People with asthma urged to take precautions as pollen levels rise this weekend
With the Met Office predicting high pollen levels over the weekend millions of people in the UK with asthma or COPD are being urged to take precautions.
Those with lung conditions could struggle to breathe and be at risk of life-threatening asthma attacks and flare-ups due to soaring pollen levels in the UK from Friday, according to leading charity Asthma + Lung UK.
Pollen levels are due to be high across most of the UK this weekend and possible through to the end of next week, according to the Met Office, and these could trigger symptoms such as a tight chest, wheezing and breathlessness in more than half of people living with asthma.
More than a quarter of those living with chronic obstructive pulmonary disease (COPD) also find hay fever triggers their condition, according to new research from Asthma and Lung UK.
People with asthma and other lung diseases like COPD have inflamed or narrowed airways.
If they are allergic to pollen and come into contact with it in the air, it can cause the muscles around their airways to tighten, and the lining of the airways to become swollen and inflamed with a build-up of sticky mucus, leaving them struggling to breathe.
Asthma attacks can be fatal, with around four people in the UK dying from one every day.
A spokesperson for the Met Office said the recent extended spell of dry weather and relatively light winds had been “conducive to high pollen levels” and that this was “likely to continue into next week”, particularly in the south, meaning pollen would continue to linger.
Dr Andy Whittamore, Clinical Lead for Asthma + Lung UK and a practicing GP, said:
“When pollen levels are at their highest this can be deadly for those with lung conditions like asthma who can suffer serious symptoms and have life-threatening attacks.”
“These attacks can leave people fighting for breath, which can be terrifying, but there are things they can do to look after themselves.”
“Using your preventer inhalers as prescribed is important as the medicine reduces sensitivity and swelling in the airways, helping to prevent symptoms such as wheezing and coughing before they even start.
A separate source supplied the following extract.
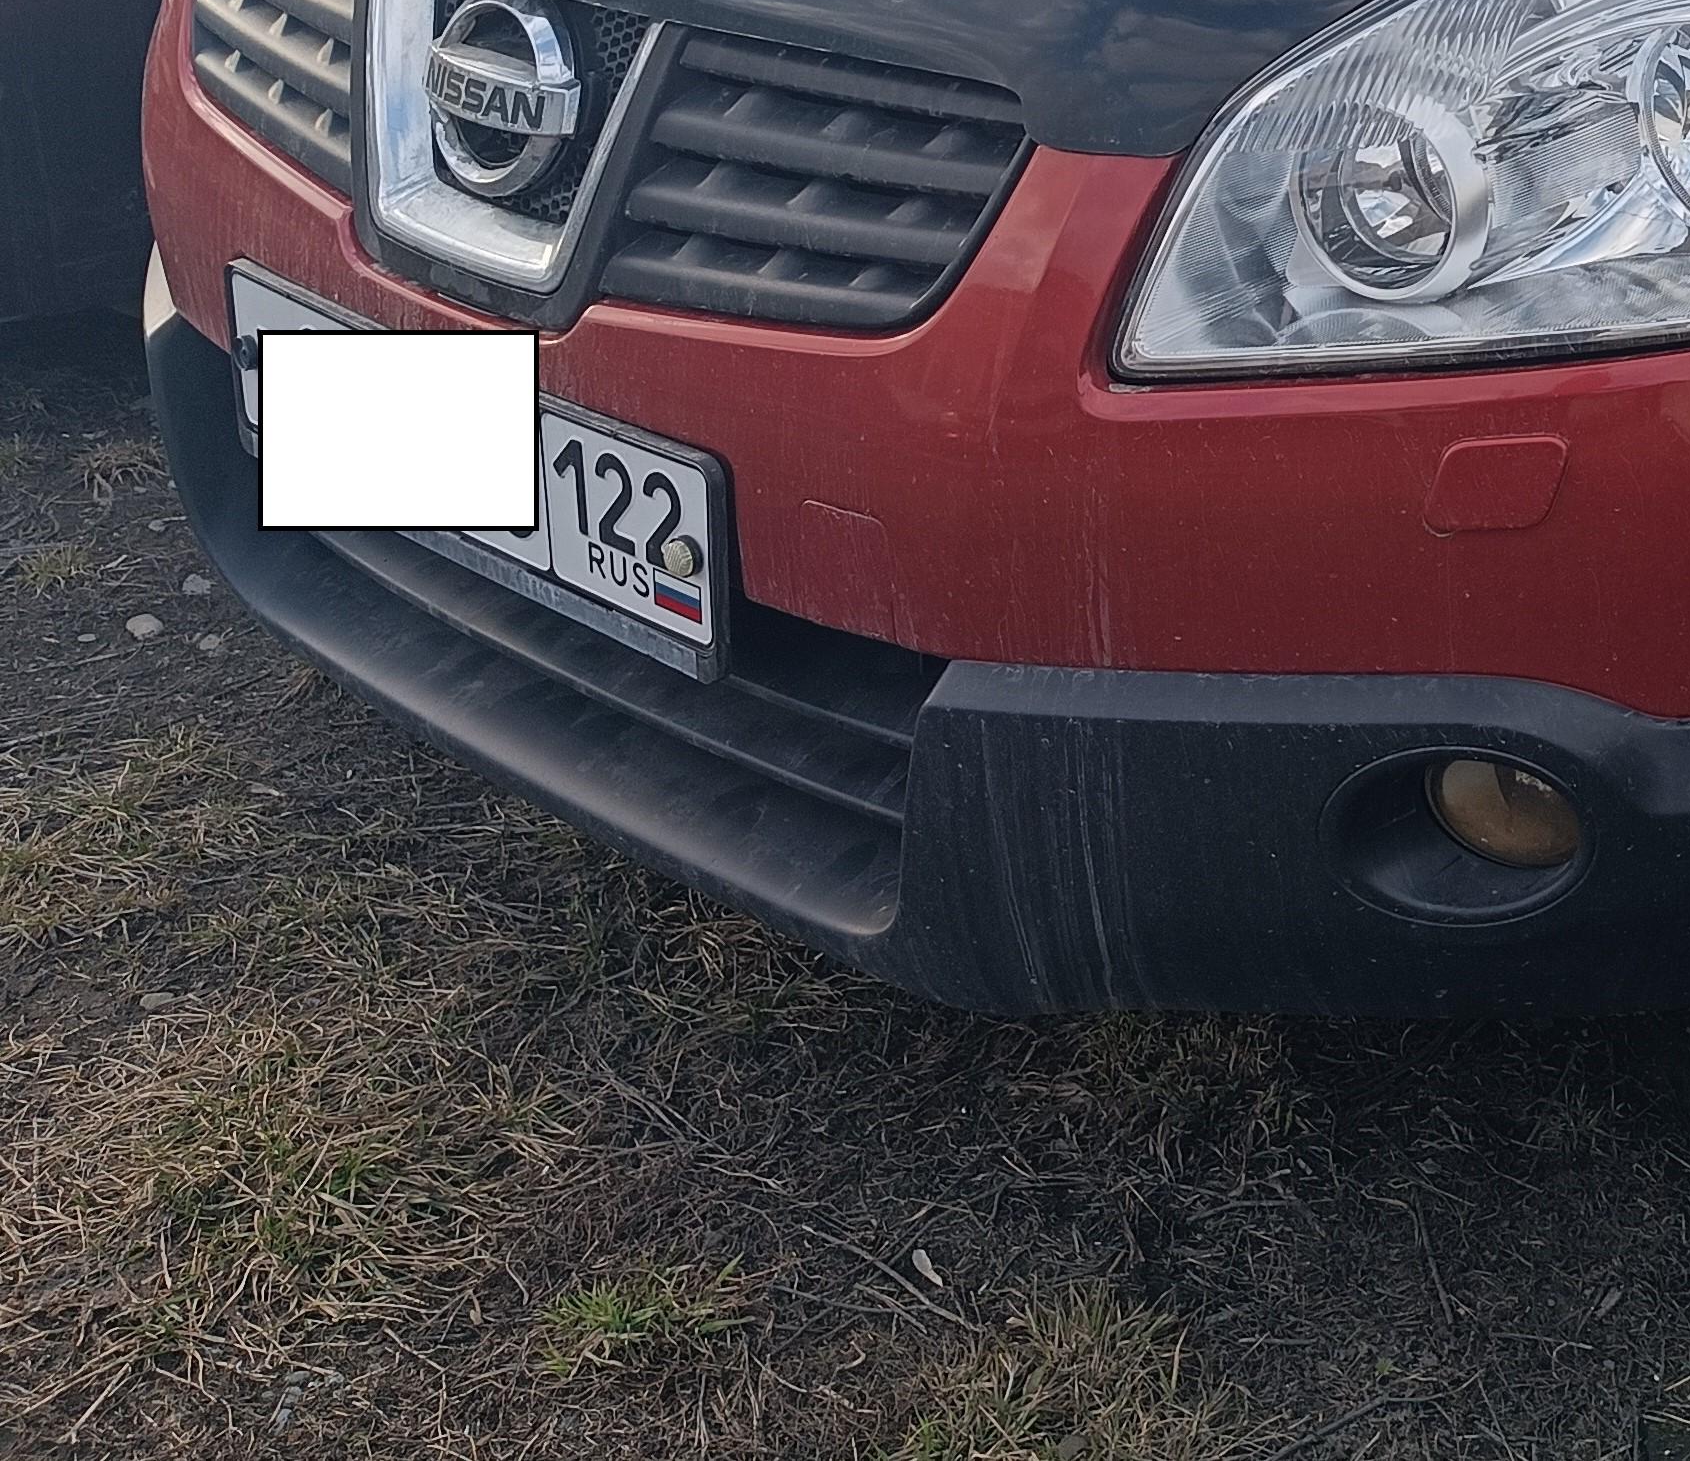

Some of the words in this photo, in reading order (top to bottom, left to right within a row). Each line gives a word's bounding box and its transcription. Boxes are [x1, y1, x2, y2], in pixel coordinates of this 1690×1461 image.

“We also advise people to carry their reliever inhalers every day, especially when they are out and about enjoying the sunshine in case pollen does cause a flare up of their symptoms.”
“Reliever inhalers quickly relax the muscles in the airways and ease symptoms immediately.”
“The third thing people can do is to use a steroid nasal spray every day, together with non-drowsy antihistamine tablets to help stop the allergic reaction.”
“People should also check pollen and air pollution forecasts in their local area, so they can avoid going outdoors as much as possible on high pollen days.”
“I would urge anyone with asthma, or another lung condition affected by pollen to follow the advice on the Asthma + Lung UK website, Pollen | Asthma + Lung UK. ”
The NHS has this “How to treat hay fever yourself” advice on its website, it states:
“There’s currently no cure for hay fever and you cannot prevent it.”
“But you can do things to ease your symptoms when the pollen count is high.”